Law360 (May 31, 2019, 8:35 PM EDT) — The University of Pittsburgh Medical Center told the Commonwealth Court Friday that its rival Highmark Health can’t join in UPMC’s debate with the Pennsylvania Attorney General over the agreement keeping them together, since the two health care giants had separately negotiated their sides of the deal with the state.
UPMC’s lawyers filed a motion Friday seeking to exclude Highmark’s testimony from a hearing scheduled for June 10-11 in Harrisburg, which will weigh what the parties’ intent was five years ago when they agreed to keep UPMC hospitals and doctors in-network for some Highmark patients and whether the state has the power to extend and modify that agreement as Attorney General Josh Shapiro has requested.

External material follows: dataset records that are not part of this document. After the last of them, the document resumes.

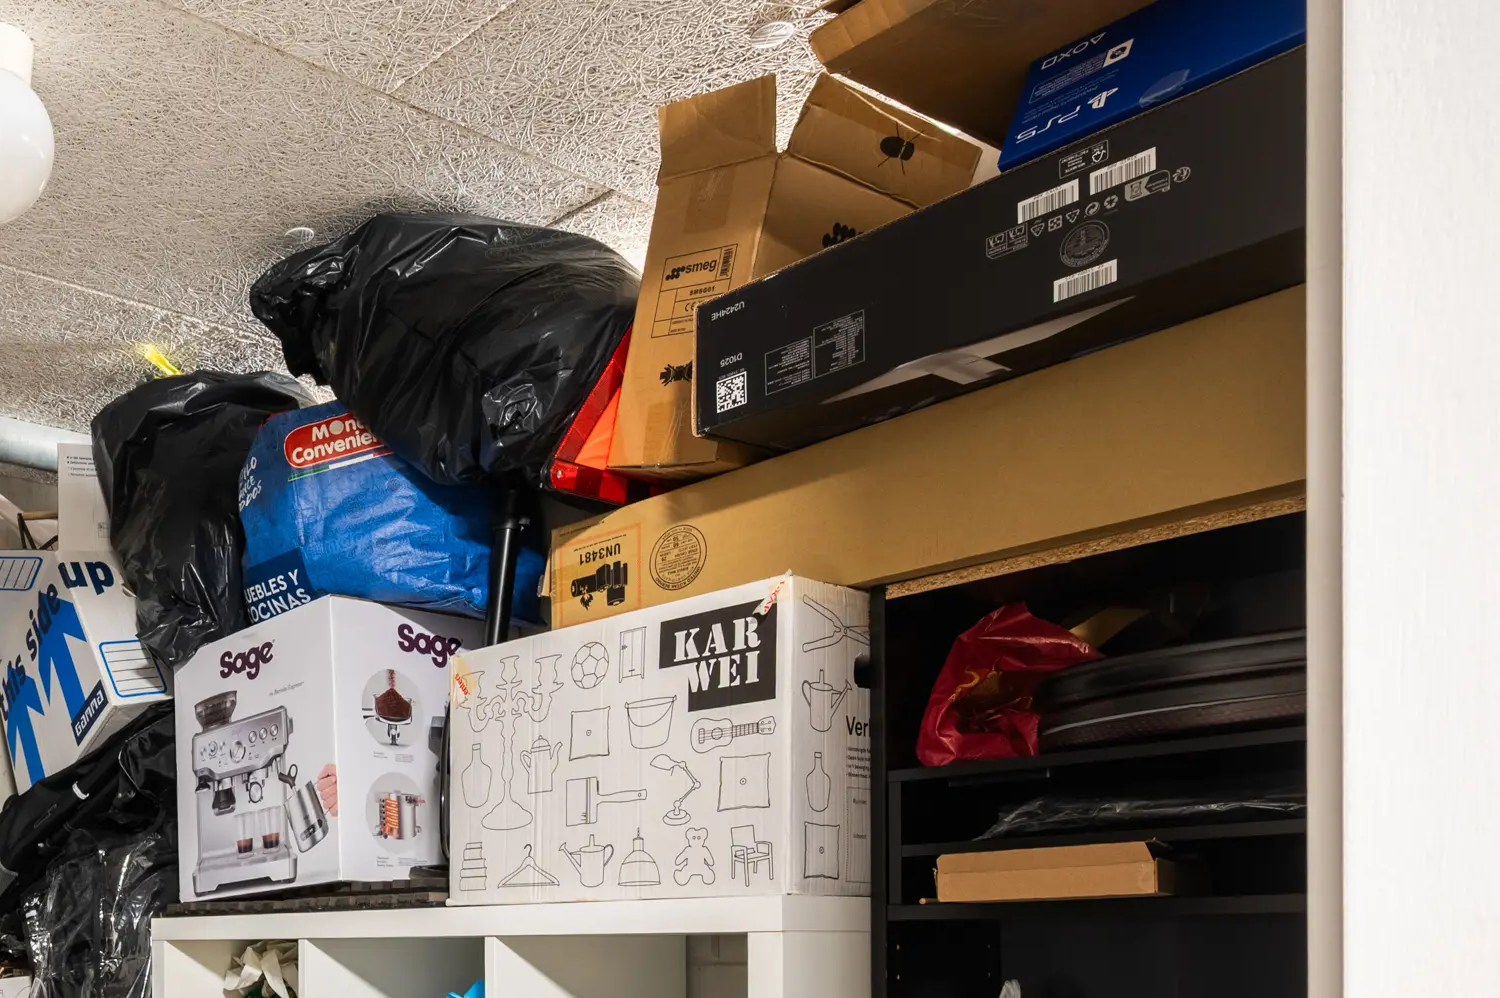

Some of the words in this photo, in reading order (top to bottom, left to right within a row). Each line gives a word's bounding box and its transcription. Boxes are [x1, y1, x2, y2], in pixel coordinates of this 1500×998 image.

[1015, 105, 1081, 144] PS5
[685, 259, 718, 274] smeg
[711, 301, 746, 321] U2424HE
[720, 352, 744, 368] D1025
[578, 541, 622, 565] UN3481
[58, 561, 115, 595] up
[288, 568, 300, 587] Y
[26, 583, 60, 661] side
[674, 616, 761, 661] KAR
[219, 640, 275, 681] Sage
[397, 623, 463, 669] Sage
[688, 651, 759, 693] WEI

UPMC argued that no one at Highmark could know what UPMC’s motivations and intentions were if they weren’t in the room when the deal was reached.

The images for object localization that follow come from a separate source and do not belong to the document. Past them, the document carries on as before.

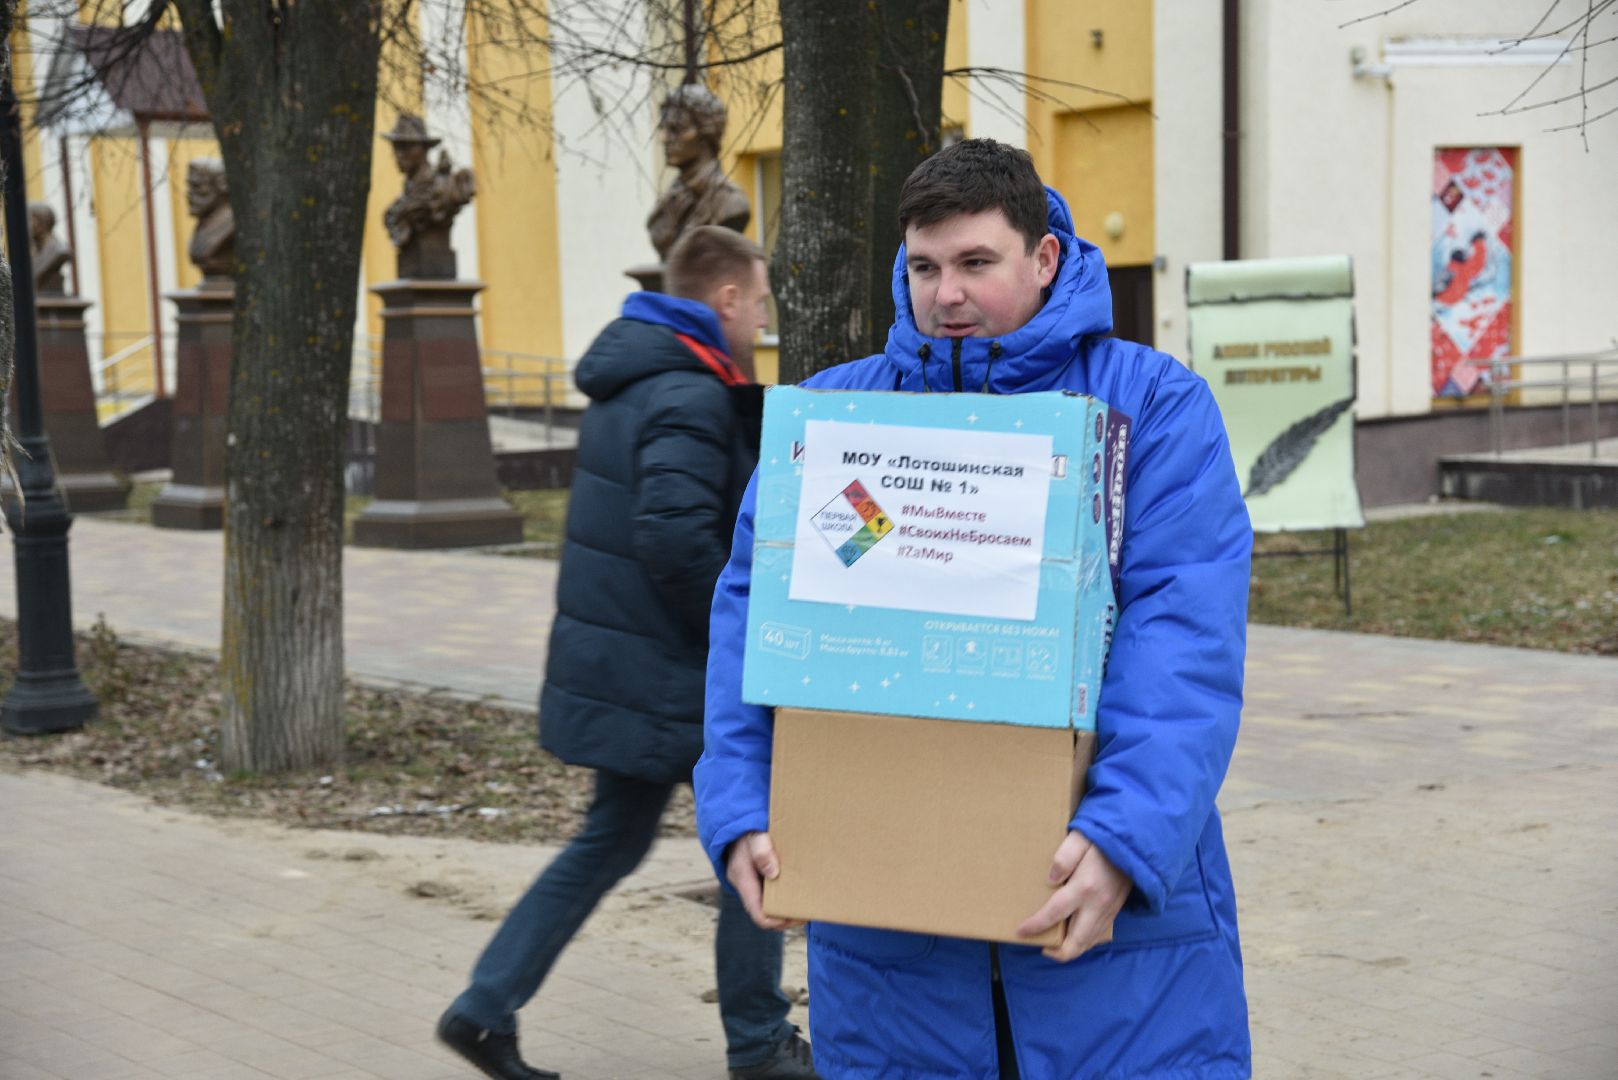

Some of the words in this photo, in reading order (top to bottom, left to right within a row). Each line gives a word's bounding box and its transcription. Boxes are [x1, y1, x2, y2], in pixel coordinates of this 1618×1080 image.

[842, 451, 881, 466] МОУ
[888, 455, 1024, 477] «Лотошинская
[881, 475, 924, 490] СОШ
[930, 479, 952, 492] №
[959, 480, 979, 495] 1»
[821, 511, 857, 522] ПЕРВАЯ
[902, 504, 986, 522] #МыВместе
[822, 522, 852, 532] ШКОЛА
[899, 525, 1032, 546] #СвоихНеБросаем
[764, 629, 784, 645] 40

“The commonwealth separately negotiated independent consent decrees with each of UPMC and Highmark,” the motion says. “Highmark was not a party to the UPMC/commonwealth negotiations and has no firsthand personal knowledge of the contracting intent of either UPMC or the commonwealth concerning the UPMC/commonwealth consent decree.”

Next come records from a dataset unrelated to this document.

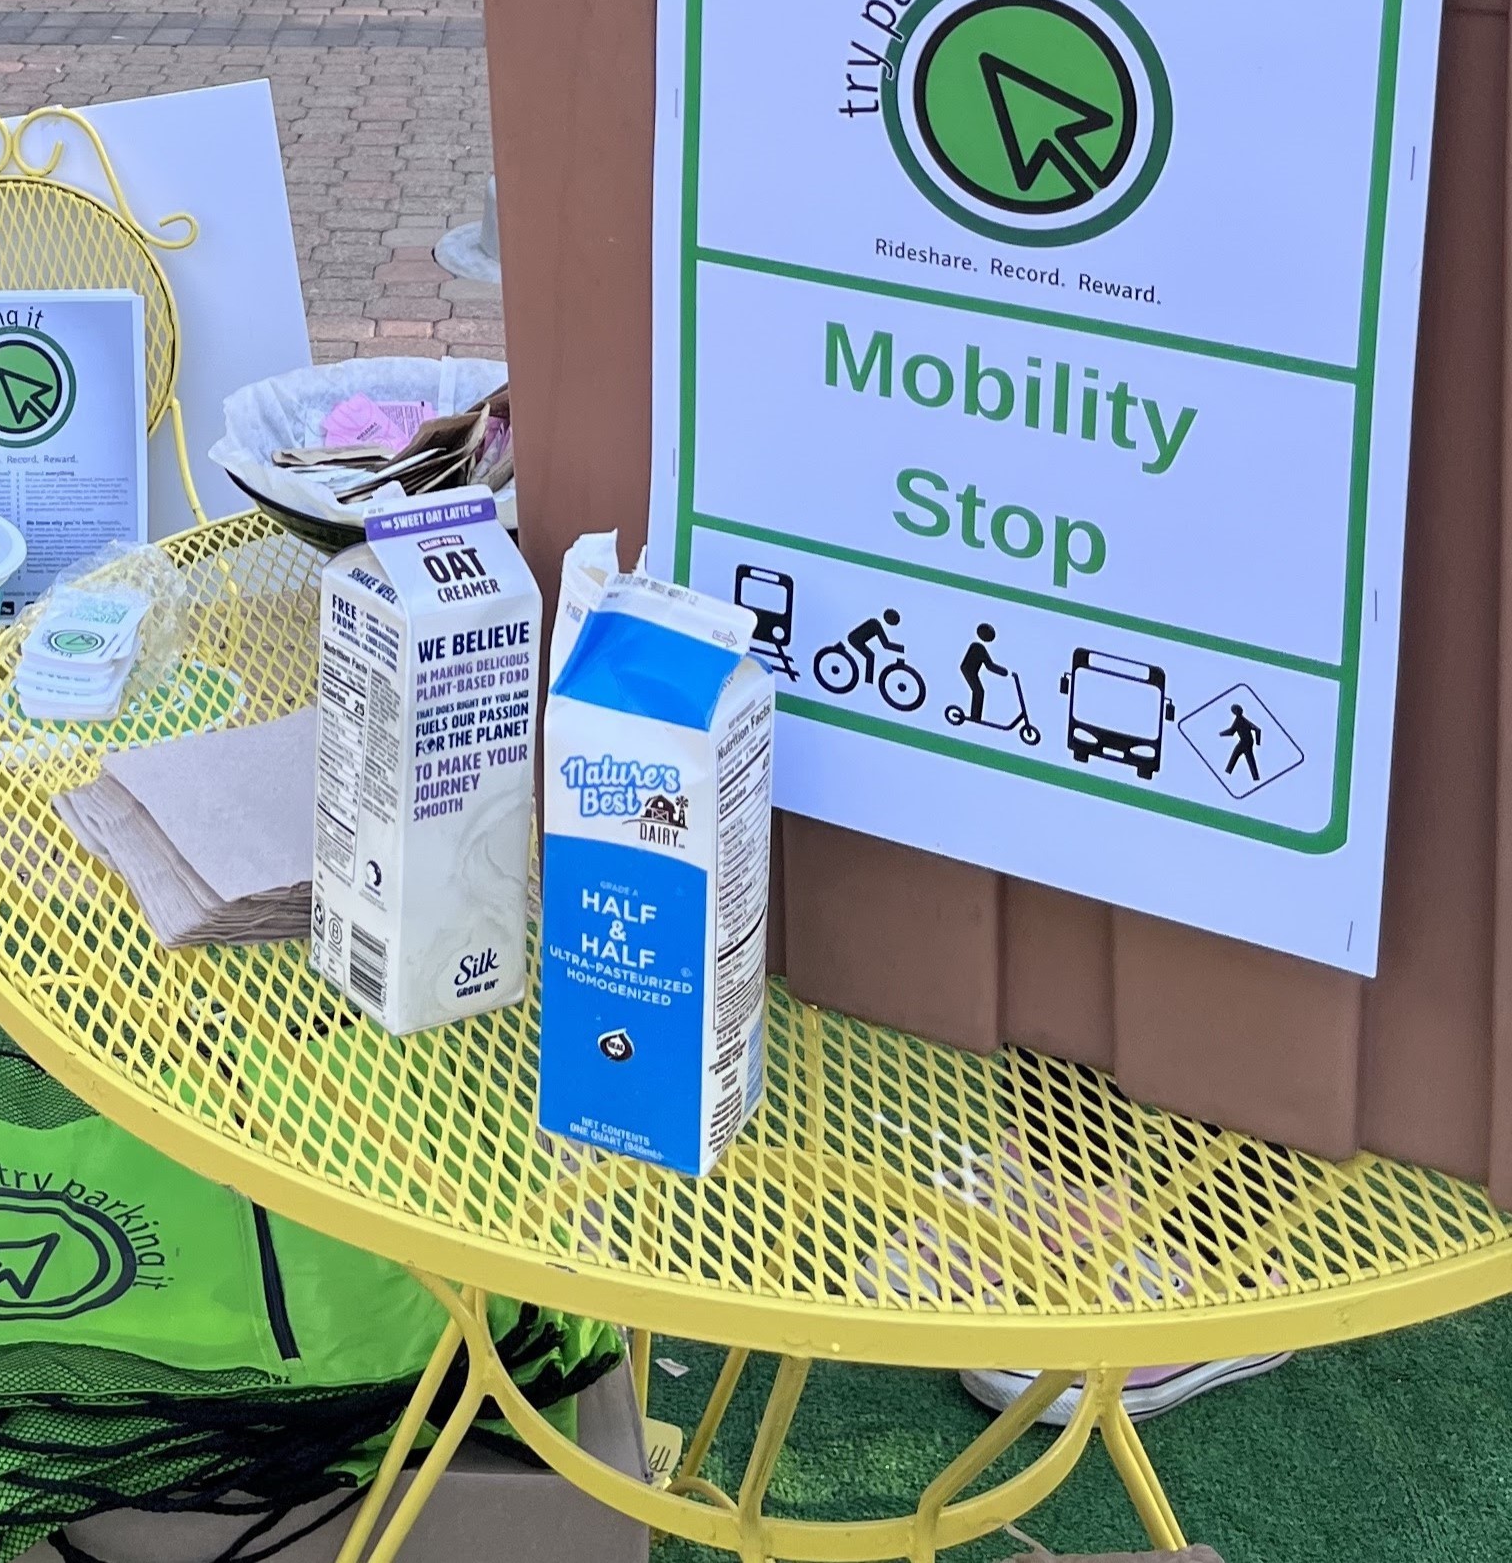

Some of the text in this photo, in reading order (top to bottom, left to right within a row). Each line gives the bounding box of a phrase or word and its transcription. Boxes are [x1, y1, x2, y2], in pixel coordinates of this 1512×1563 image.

[838, 40, 893, 118] try
[875, 238, 1162, 305] Rideshare. Record. Reward.
[27, 306, 44, 330] it
[825, 321, 1199, 475] Mobility
[392, 512, 425, 531] SWEET
[425, 509, 443, 524] OAT
[444, 505, 470, 522] LATTE
[892, 467, 1107, 589] Stop
[423, 547, 486, 584] OAT
[437, 578, 501, 603] CREAMER
[332, 593, 356, 621] FREE
[418, 621, 529, 664] WE BELIEVE
[417, 652, 529, 686] IN MAKING DELICIOUS
[417, 673, 495, 703] PLANT-BASED
[354, 699, 365, 717] 25
[416, 701, 528, 738] FUELS OUR PASSION
[417, 707, 433, 720] THAT
[436, 703, 454, 716] DOES
[457, 698, 479, 711] RIGHT
[495, 692, 510, 704] YOU
[513, 690, 529, 700] AND
[448, 729, 472, 749] THE
[477, 719, 528, 744] PLANET
[718, 724, 749, 762] Nutrition
[751, 704, 770, 730] Facts
[415, 744, 528, 783] TO MAKE YOUR
[561, 754, 680, 794] Nature's
[414, 773, 480, 804] JOURNEY
[580, 786, 642, 817] Best
[719, 785, 747, 815] Calories
[413, 797, 463, 822] SMOOTH
[640, 822, 679, 848] DAIRY
[599, 880, 629, 896] GRADE
[582, 888, 657, 925] HALF
[609, 919, 627, 941] &
[581, 932, 656, 969] HALF
[454, 948, 500, 986] Silk
[549, 944, 693, 994] ULTRA-PASTEURIZED
[457, 983, 482, 998] GROW
[567, 967, 671, 1006] HOMOGENIZED
[570, 1122, 589, 1136] ONE
[591, 1128, 621, 1147] QUART
[582, 1116, 650, 1147] NET CONTENTS
[60, 1178, 166, 1266] parking
[133, 1273, 174, 1290] it

UPMC asked that the court preclude Highmark from offering any testimony or presenting any testimony at the hearing on the “narrow issue” of the meaning and scope of the agreements’ modification provisions, which Shapiro has cited in asking the court to extend the agreements and make the two Pittsburgh-based insurance and health care providers stick together to keep the region’s biggest hospital network affordable for customers of its biggest Blue Cross Blue Shield insurer.